» **Requirement**
For every entry below, give an exact repeat and leave out the pictures.

» **Exercise input**
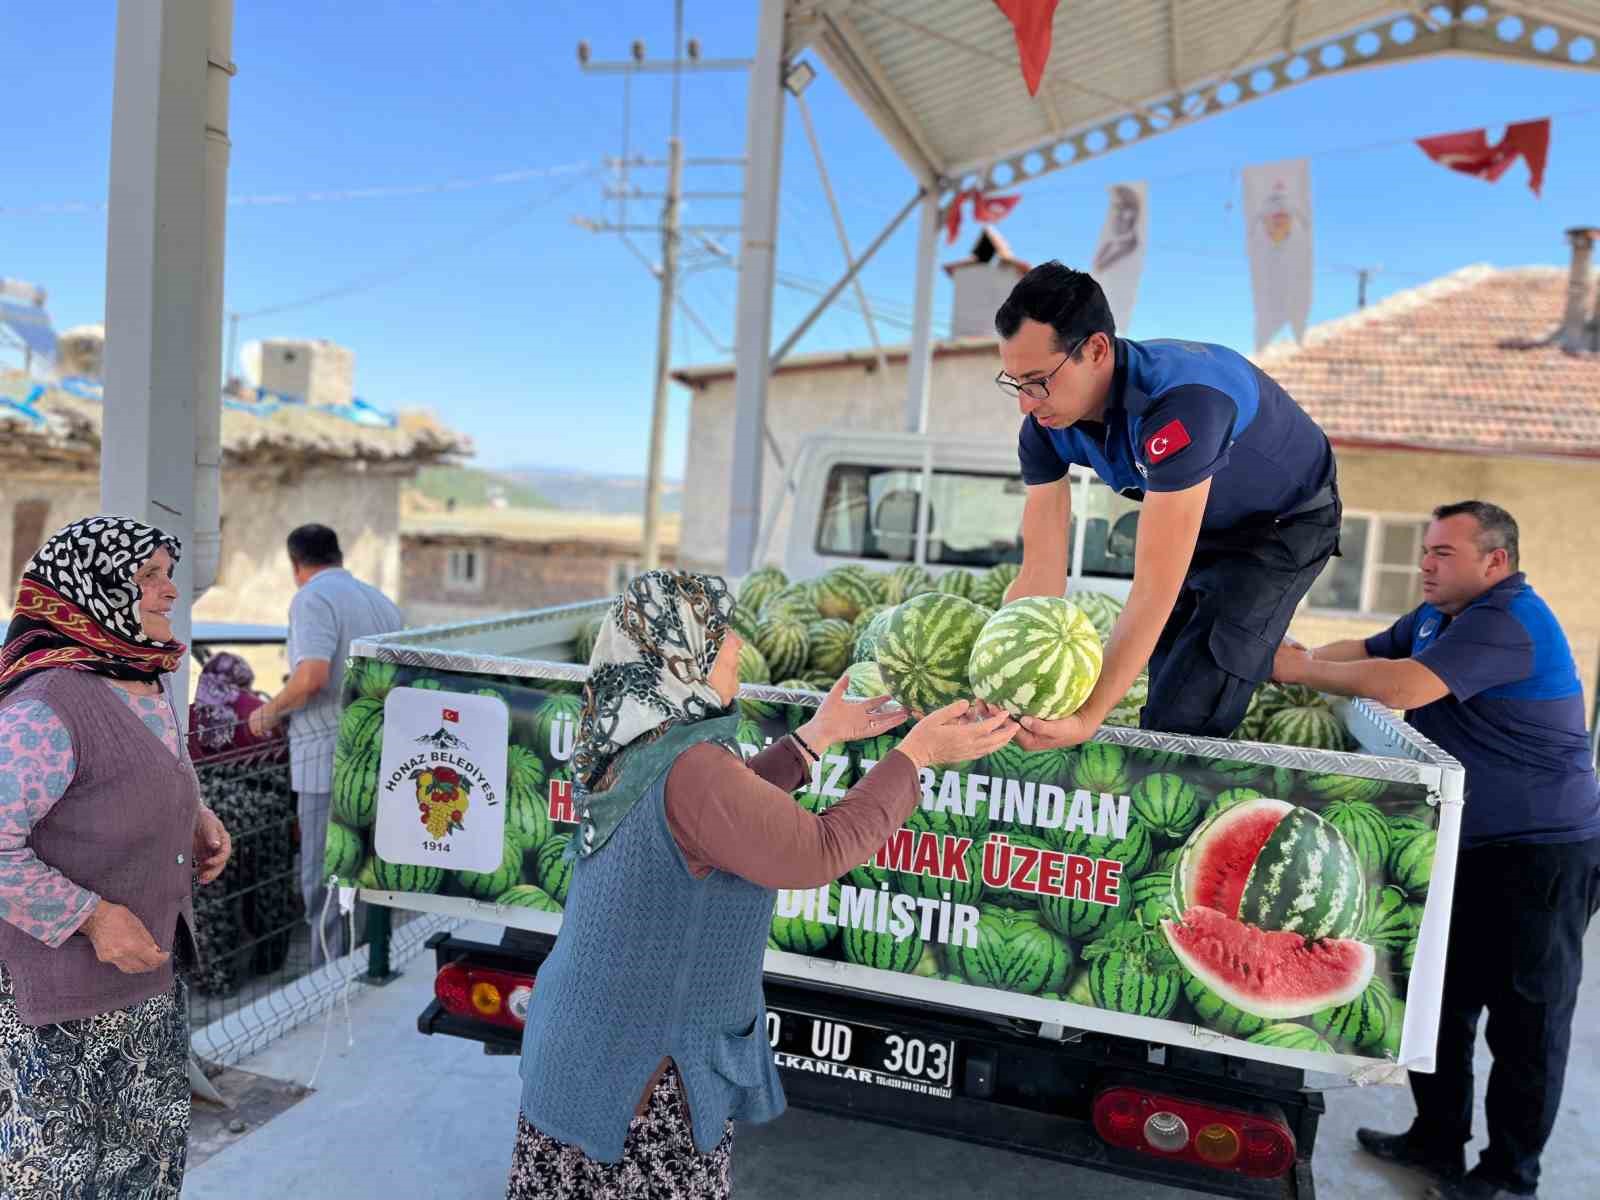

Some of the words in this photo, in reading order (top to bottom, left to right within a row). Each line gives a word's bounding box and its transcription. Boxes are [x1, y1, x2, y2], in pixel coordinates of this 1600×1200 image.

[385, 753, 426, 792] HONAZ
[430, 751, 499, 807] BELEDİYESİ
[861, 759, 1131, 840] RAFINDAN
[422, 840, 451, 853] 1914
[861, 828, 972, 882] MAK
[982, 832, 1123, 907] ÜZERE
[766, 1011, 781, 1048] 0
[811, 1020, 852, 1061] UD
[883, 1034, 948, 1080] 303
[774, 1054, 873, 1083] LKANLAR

» **Answer to the exercise**
Some of the words in this photo, in reading order (top to bottom, left to right within a row). Each line gives a word's bounding box and its transcription. Boxes are [x1, y1, x2, y2], in pixel coordinates of this 1600×1200 image.

[385, 753, 426, 792] HONAZ
[430, 751, 499, 807] BELEDİYESİ
[861, 759, 1131, 840] RAFINDAN
[422, 840, 451, 853] 1914
[861, 828, 972, 882] MAK
[982, 832, 1123, 907] ÜZERE
[766, 1011, 781, 1048] 0
[811, 1020, 852, 1061] UD
[883, 1034, 948, 1080] 303
[774, 1054, 873, 1083] LKANLAR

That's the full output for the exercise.